<<<<

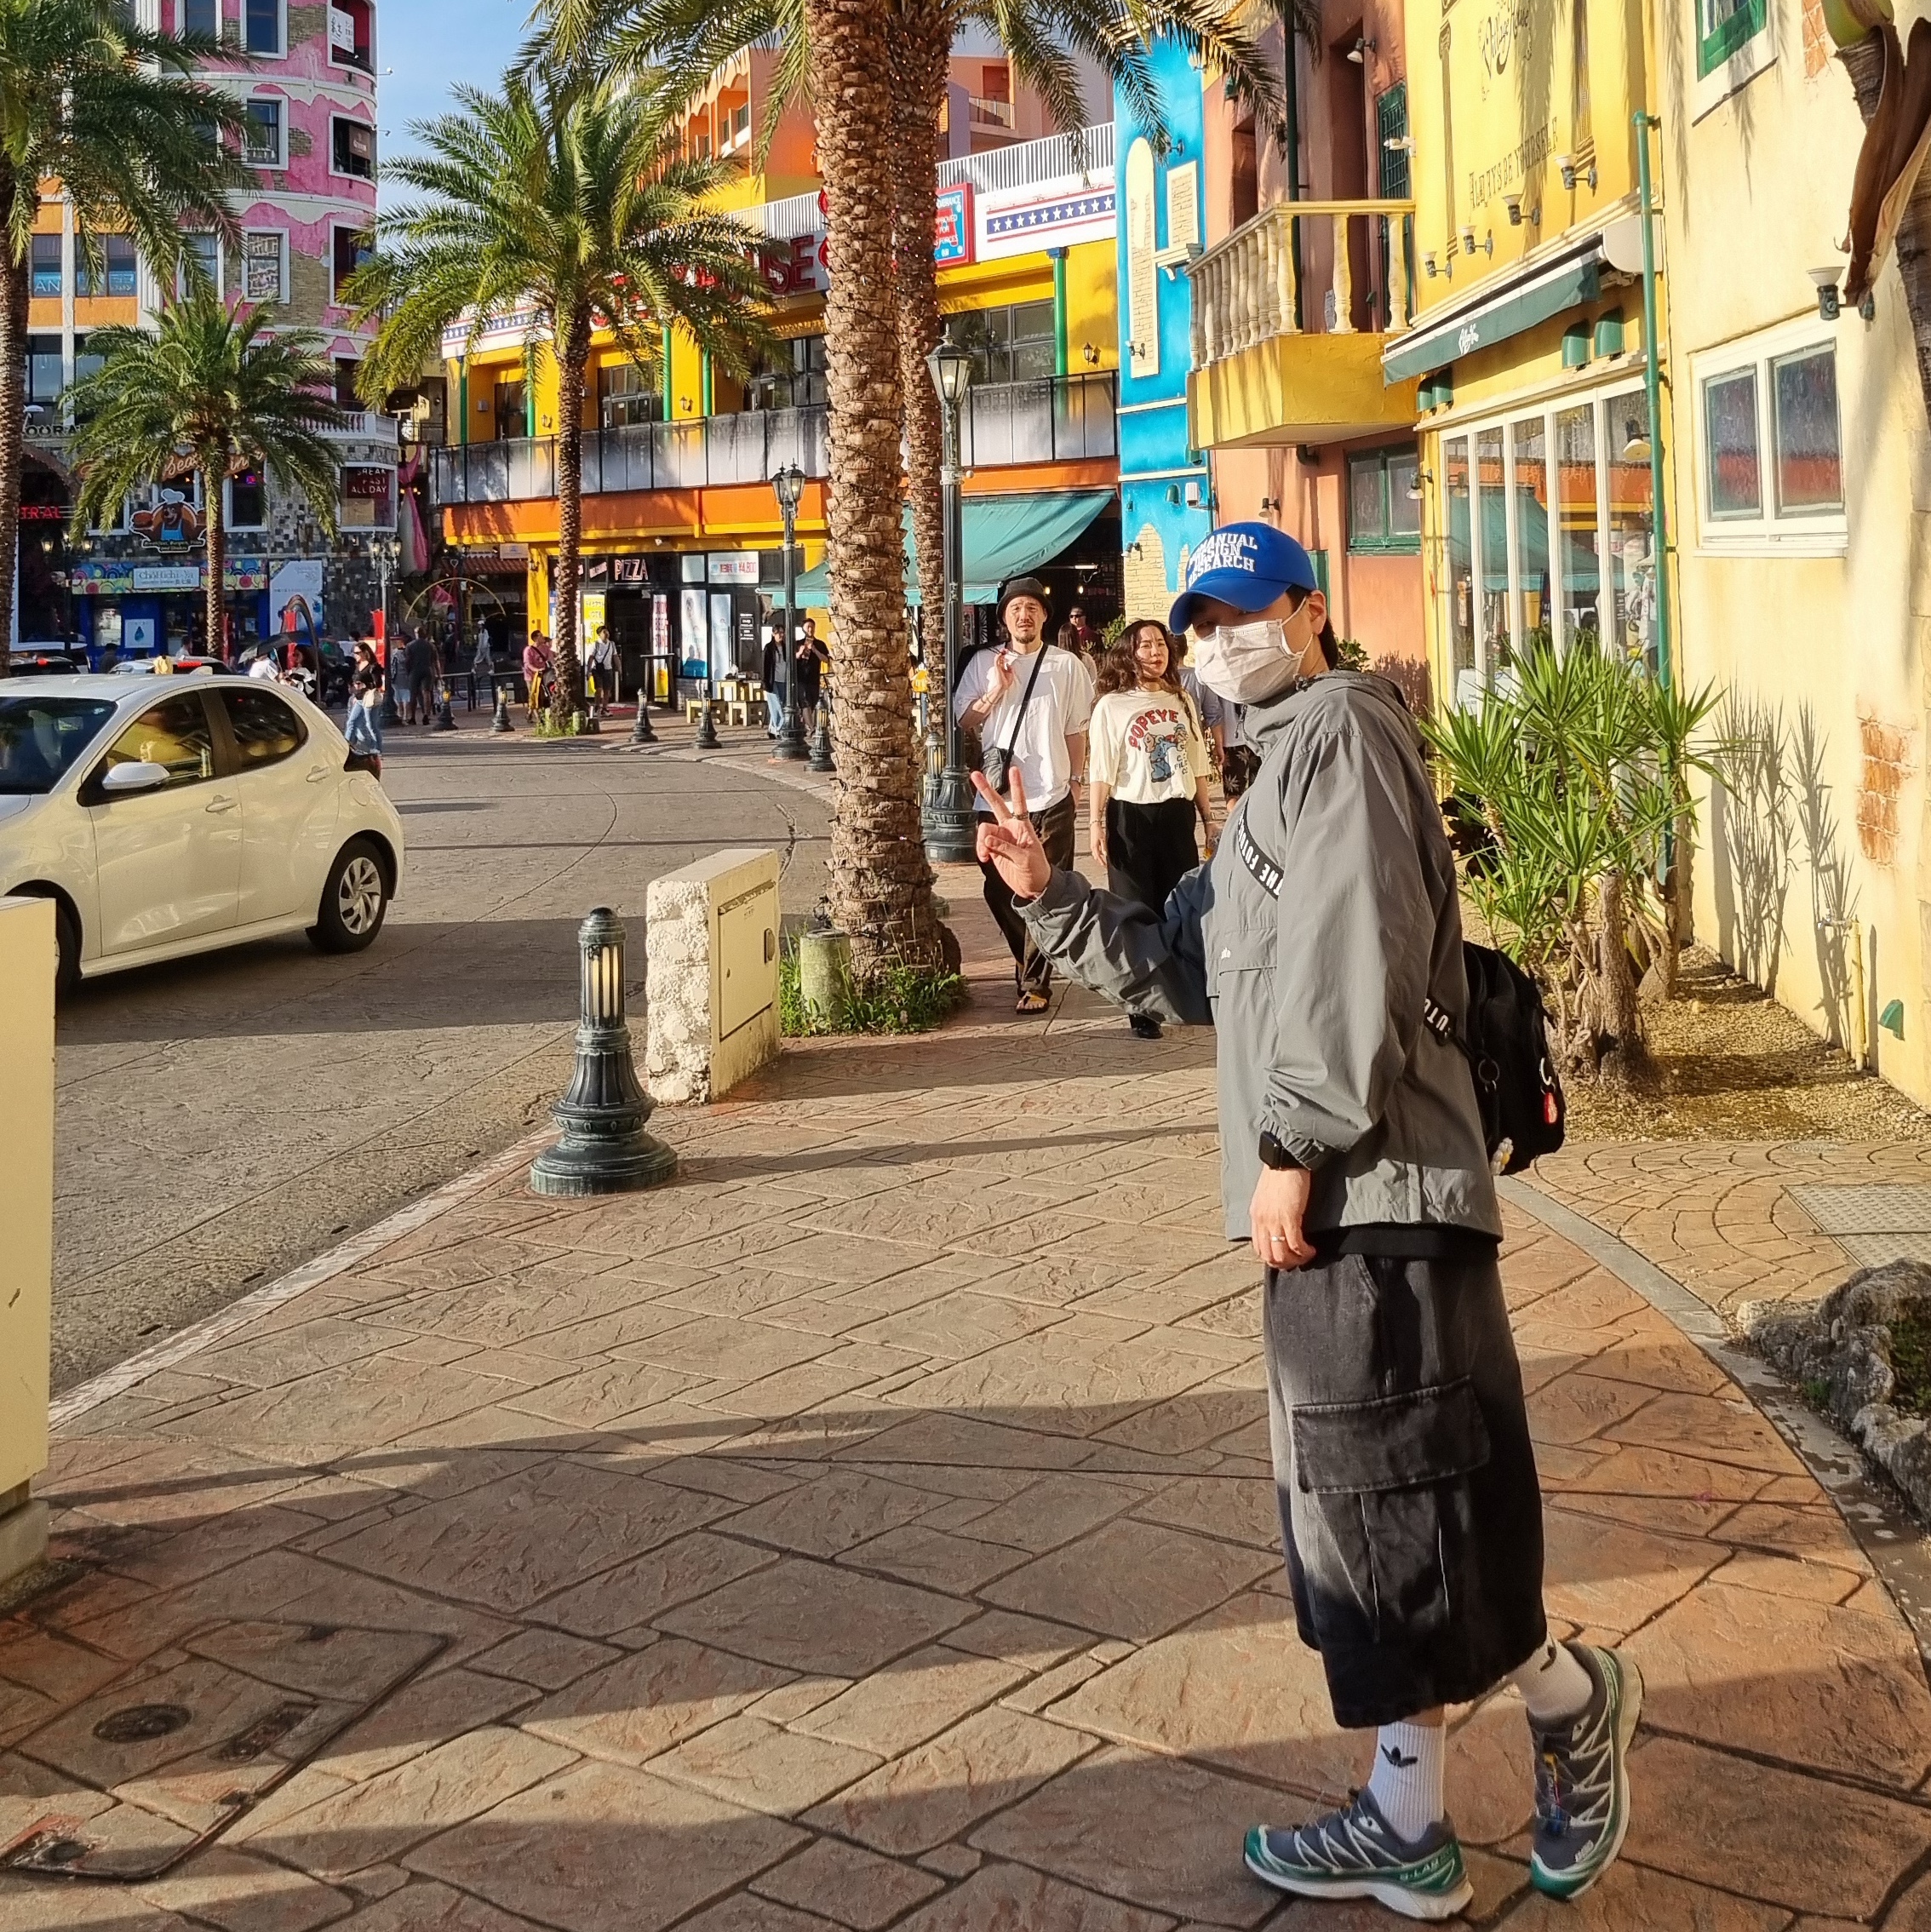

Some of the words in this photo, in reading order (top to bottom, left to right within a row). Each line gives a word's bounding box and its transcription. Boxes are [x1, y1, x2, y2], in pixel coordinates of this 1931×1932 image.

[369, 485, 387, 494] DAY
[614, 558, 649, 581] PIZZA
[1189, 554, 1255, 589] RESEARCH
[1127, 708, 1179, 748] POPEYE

>>>>

_Instructions for the task_:
No pictures belong in the copy. Transcribe every entry exactly.

_Solved problem_:
Some of the words in this photo, in reading order (top to bottom, left to right within a row). Each line gives a word's bounding box and its transcription. Boxes are [x1, y1, x2, y2], in pixel coordinates of this 1931×1932 image.

[369, 485, 387, 494] DAY
[614, 558, 649, 581] PIZZA
[1189, 554, 1255, 589] RESEARCH
[1127, 708, 1179, 748] POPEYE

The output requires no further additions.